Please read the useful information and guidance provided below about after your operation.
After the operation, you will be taken back to a recovery room. Recovery staff will be with you at all times and will continue to monitor your blood pressure, heart rate and oxygen levels.
Oxygen will be given through a lightweight clear plastic mask, which covers your mouth and nose. Depending on the operation you have had, you may have a urinary catheter. This is a soft tube put temporarily into the bladder to drain it.
If you are going home on the same day, once you have had something to drink/eat and are considered ‘ready for discharge’, you may be taken to a seated recovery area to await collection or transport.
Whilst we make every effort to reunite you with your relative/companion following your procedure the nurses will assess this on an individual basis. Your relatives/companions are welcome to enquire at the reception desk about your progress.
- Good pain relief is important and some people need more pain relief than others.
- If you can breathe deeply and cough easily and you can move around freely after your operation, you are less likely to develop a chest infection or blood clots.
- Occasionally, pain is a warning sign that all is not well, so you should ask for help when you feel pain.
Here are some ways of giving pain relief:
- Pills, tablets or liquids to swallow. You will need to be able to eat, drink and not feel sick for these drugs to work. They take at least half an hour to work.
- Injections. These may be given through a needle in your vein or muscle and take up to 30 minutes to work.
- Suppositories. These waxy pellets are put into your back passage (rectum). They are useful if you cannot swallow or if you might vomit.
- Patient controlled analgesia (PCA). This is a method using a machine that allows you to control your pain relief yourself.
- Local anaesthetics and regional blocks.
How you feel afterwards will depend on the procedure and anaesthesia you’ve had. Please speak to us if you feel uncomfortable.
Very common and common (1 in 10 – 1 in 100):
- Feeling sick and vomiting after surgery
- Sore throat
- Dizziness and feeling faint
- Aches, pains and backache
- Confusion and memory loss
- Bruising and soreness
- Chest infection
The risks to you as an individual will depend on:
- Your age and whether you have any other illness.

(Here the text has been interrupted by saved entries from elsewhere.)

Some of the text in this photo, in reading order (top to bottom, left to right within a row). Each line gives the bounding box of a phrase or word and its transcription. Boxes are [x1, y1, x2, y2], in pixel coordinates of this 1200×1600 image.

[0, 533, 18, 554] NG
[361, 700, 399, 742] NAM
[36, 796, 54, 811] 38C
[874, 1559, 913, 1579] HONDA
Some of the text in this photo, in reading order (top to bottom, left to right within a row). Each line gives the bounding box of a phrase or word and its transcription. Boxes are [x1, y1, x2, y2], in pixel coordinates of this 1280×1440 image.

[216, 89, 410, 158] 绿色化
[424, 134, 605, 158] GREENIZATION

- Factors such as smoking or being overweight.
- Surgery which is complicated, long or done in an emergency.
Uncommon side effects and complications (1 in 1000):
- Breathing difficulties
- Damage to teeth, lips or tongue
- An existing medical condition getting worse
Rare or very rare complications (1 in 10,000 – 1 in 100,000):
- Damage to the eyes. Your eyelids may be held closed with tape to protect them - please try not to rub your eyes after your operation.
- Serious allergy to drugs - Anaphylaxis.

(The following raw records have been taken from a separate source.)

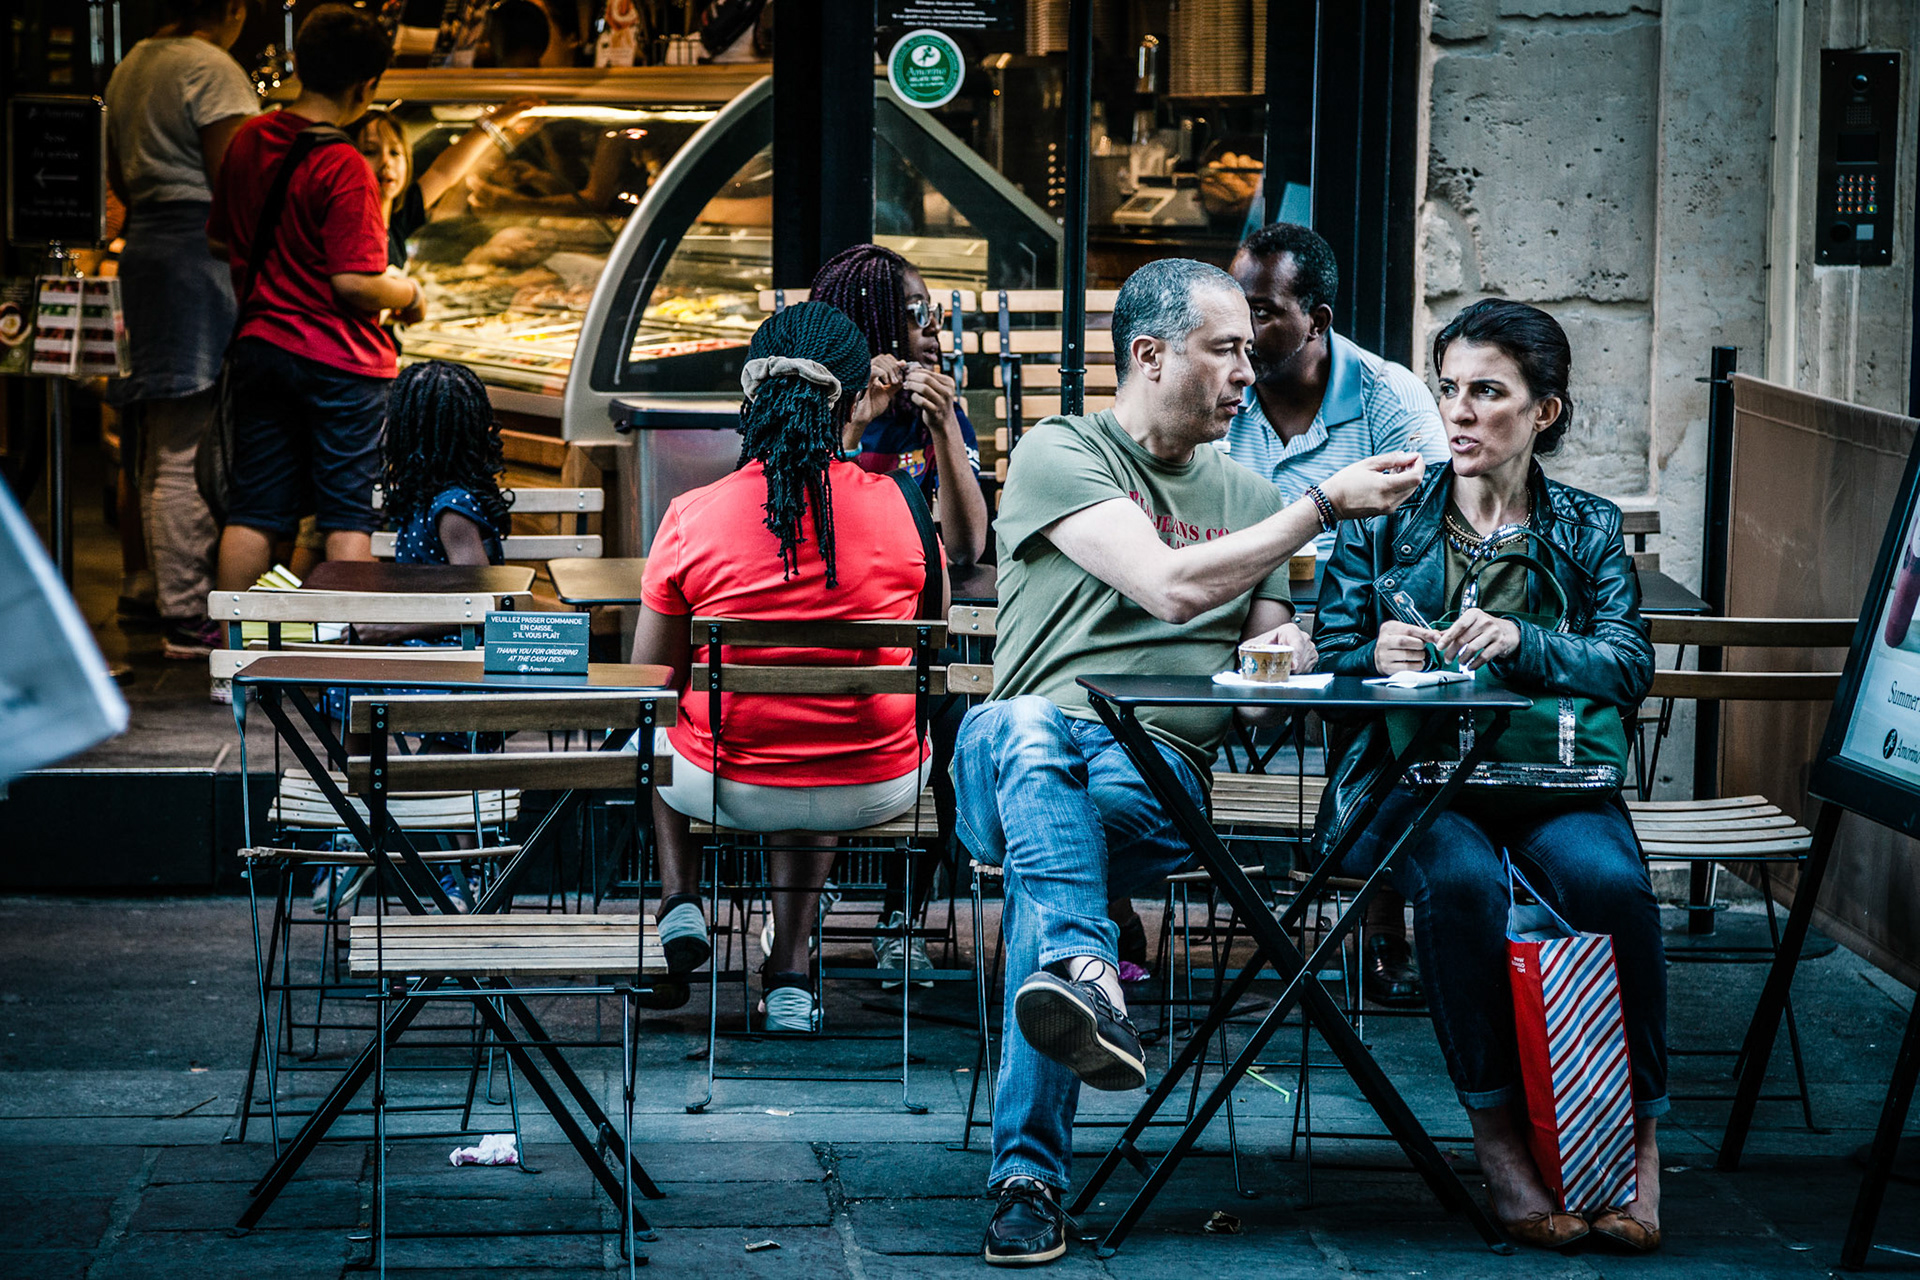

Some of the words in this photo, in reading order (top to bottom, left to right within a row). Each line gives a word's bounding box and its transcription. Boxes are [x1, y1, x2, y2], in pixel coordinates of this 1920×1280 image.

[1154, 515, 1199, 541] JEANS
[521, 616, 545, 624] PASSER
[546, 617, 583, 625] COMMANDE
[542, 631, 560, 639] PLAÎT
[545, 648, 579, 656] ORDERING
[1888, 680, 1920, 711] Summer

- Nerve damage. Most nerve damage is temporary (lasts less than three months) but in some cases damage is permanent.
- Equipment failure causing significant harm. Anaesthetic equipment can fail but the continued presence of a vigilant anaesthetist combined with equipment checks, appropriate monitoring and alarms, keeps patients safe when equipment fails.
- Death or brain damage. Deaths cause by anaesthesia are very rare. There are approximately ten deaths for every million anaesthetics given in the UK.
Sometimes a DVT occurs for no apparent reason. Some people inherit or develop an increased risk of DVT. Being unwell and having reduced mobility (for example, when recovering from an operation) can lead to changes in the blood and sluggish blood flow through the leg veins. These events make blood more likely to clot and form a DVT.
The highest risk is associated with major joint operations such as those for joint (hip or knee) replacement or hip fracture, major trauma or major spinal surgery, especially if someone has multiple risk factors for DVT.
- Skin warmth
- Breathing difficulties
- Chest pain
How to reduce the risk
On admission to hospital or at your pre-operative assessment, you will have an assessment of your risk of DVT and any reason not to use preventative treatments. The assessment will decide the recommended preventative measures (known as thromboprophylaxis) to be used in hospital and what is recommended after leaving hospital.
These may include:
- Avoiding dehydration.
- Mobilising early and frequently.
- Use of elastic support (anti-embolic) stockings.
- Injections of heparin (an anticoagulant or ‘blood thinner’).
- Intermittent compression boots (to gently squeeze the legs) may be recommended.
- Occasionally the use of tablet anticoagulation medication (e.g. warfarin, dabigatran or rivaroxaban).
- Vena Cava Filter (an umbrella shaped device inserted into a large vein to stop blood clots moving towards the lungs).
What happens if DVT does develop?
An assessment is made by the medical team and a scan can be done. If the test results are positive anticoagulation treatment with heparin and warfarin is given to prevent further clot formation and allow the DVT to breakdown.
If you are having an operation and you are taking a drug that thins your blood (e.g. aspirin, warfarin, dabigatran, rivaroxaban, clopidogrel) your healthcare team should assess the risks and benefits of stopping this drug temporarily in the week before your operation with or without different treatment in its place.